> [What is needed]: Because the pictures are not wanted, reproduce the rest of the records below exactly as they stand.

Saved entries
....

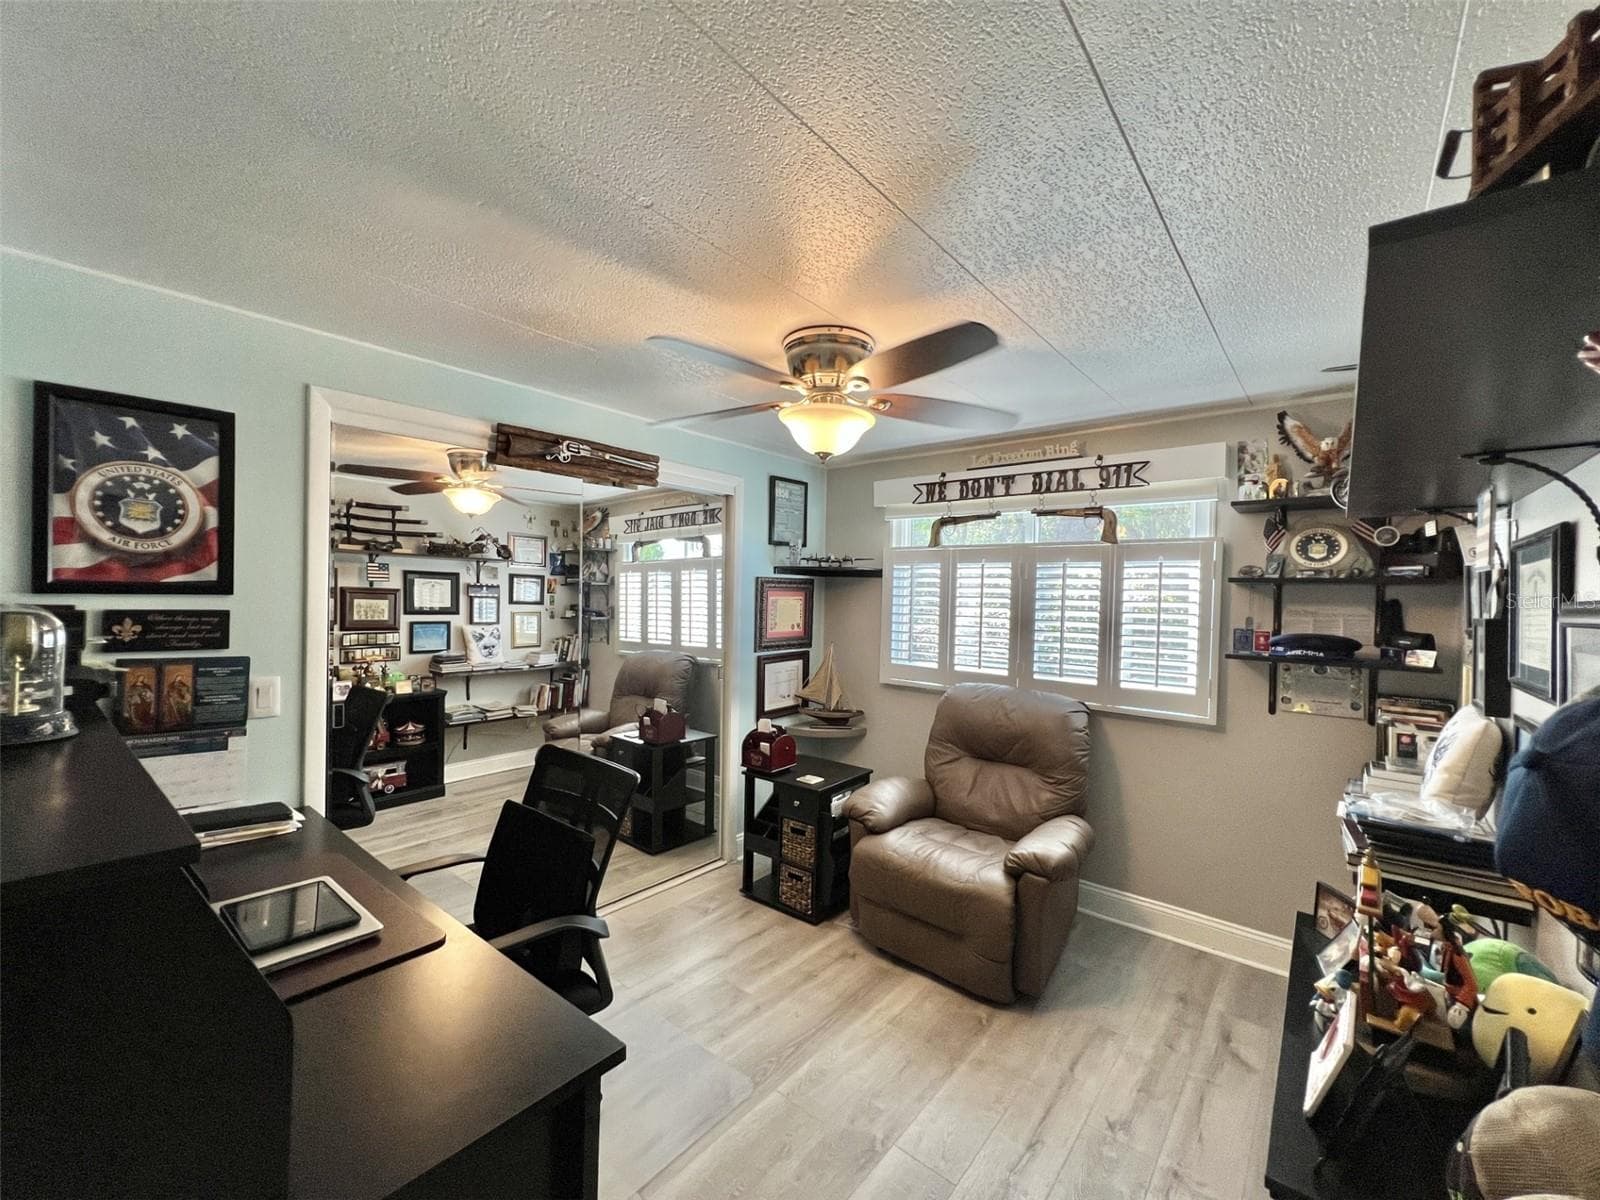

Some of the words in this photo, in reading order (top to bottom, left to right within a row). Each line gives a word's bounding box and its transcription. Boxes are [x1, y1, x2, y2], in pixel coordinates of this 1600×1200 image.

[1044, 440, 1080, 456] Ring
[98, 466, 143, 478] UNITED
[146, 468, 184, 486] STATES
[926, 483, 948, 501] WE
[959, 475, 1016, 498] DON'T
[1032, 468, 1085, 494] DIAL
[1100, 463, 1133, 488] 911
[108, 536, 131, 548] AIR
[134, 539, 173, 550] FORCE

....

> [Answer box]:
Some of the words in this photo, in reading order (top to bottom, left to right within a row). Each line gives a word's bounding box and its transcription. Boxes are [x1, y1, x2, y2], in pixel coordinates of this 1600×1200 image.

[1044, 440, 1080, 456] Ring
[98, 466, 143, 478] UNITED
[146, 468, 184, 486] STATES
[926, 483, 948, 501] WE
[959, 475, 1016, 498] DON'T
[1032, 468, 1085, 494] DIAL
[1100, 463, 1133, 488] 911
[108, 536, 131, 548] AIR
[134, 539, 173, 550] FORCE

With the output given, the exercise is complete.